§ **YOUR TASK**: Pictures are to be left out, and the rest of the records reproduced exactly.

Entries taken from a collection:
※ ※ ※

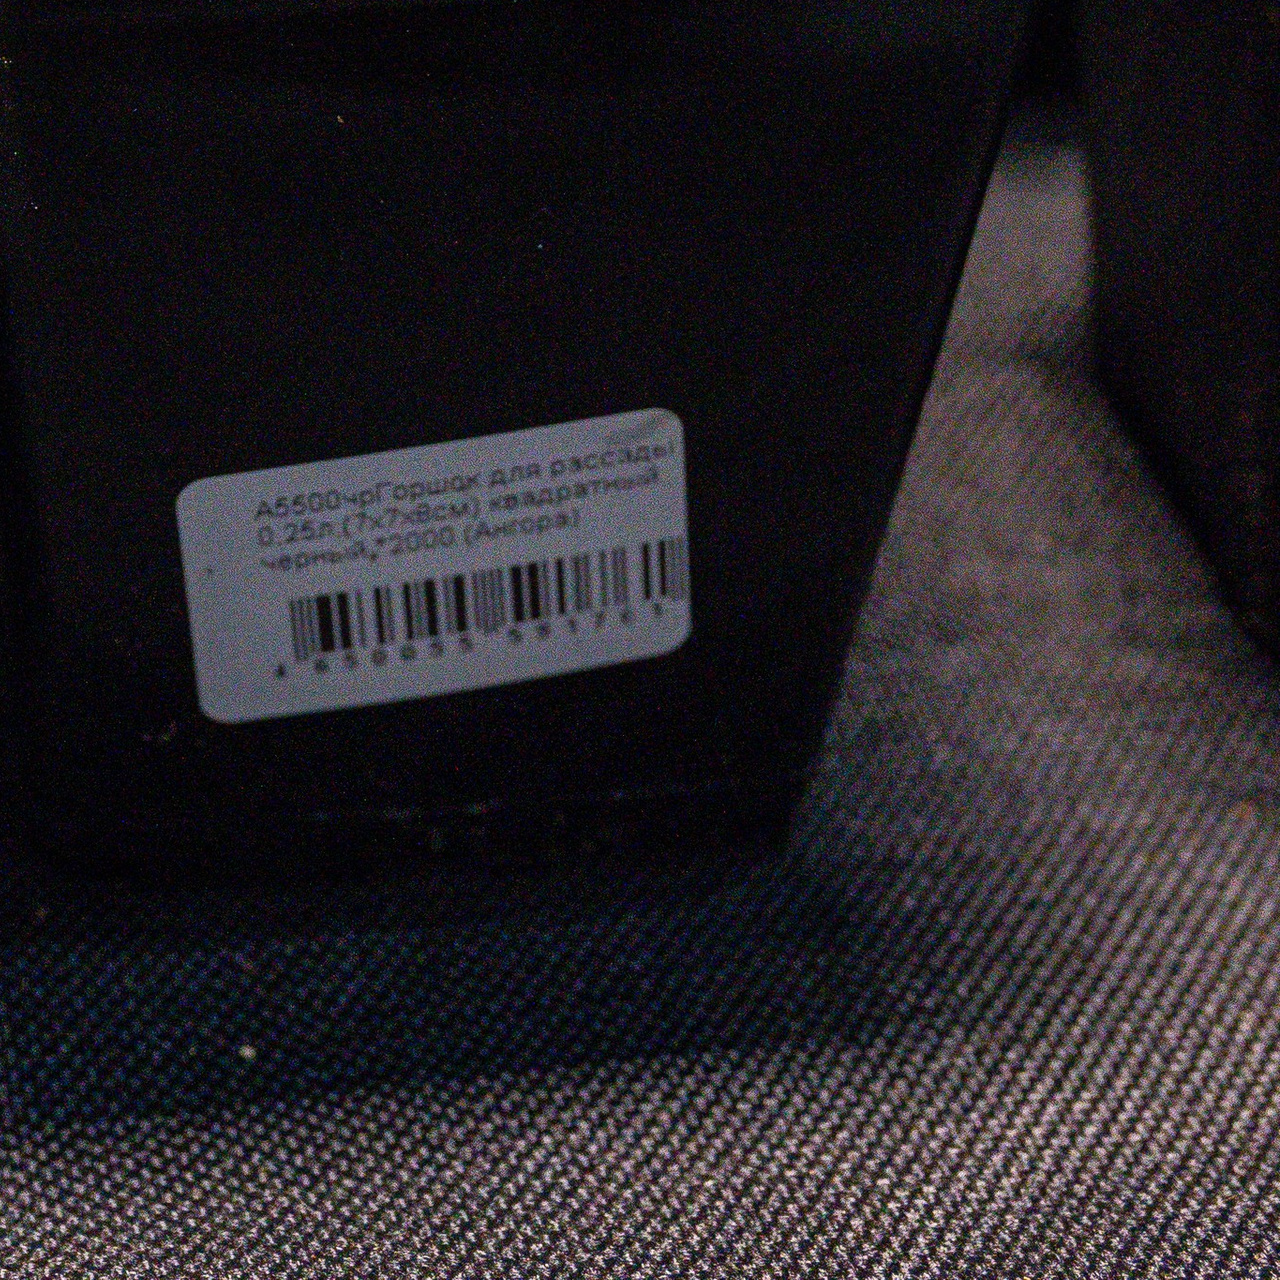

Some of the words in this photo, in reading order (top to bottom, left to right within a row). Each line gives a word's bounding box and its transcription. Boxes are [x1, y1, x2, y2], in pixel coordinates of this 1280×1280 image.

[488, 461, 541, 487] для
[550, 442, 675, 478] рассады
[489, 467, 658, 514] квадратный
[463, 510, 580, 546] (Ангора)

※ ※ ※

§ **EXPECTED ANSWER**:
Some of the words in this photo, in reading order (top to bottom, left to right within a row). Each line gives a word's bounding box and its transcription. Boxes are [x1, y1, x2, y2], in pixel coordinates of this 1280×1280 image.

[488, 461, 541, 487] для
[550, 442, 675, 478] рассады
[489, 467, 658, 514] квадратный
[463, 510, 580, 546] (Ангора)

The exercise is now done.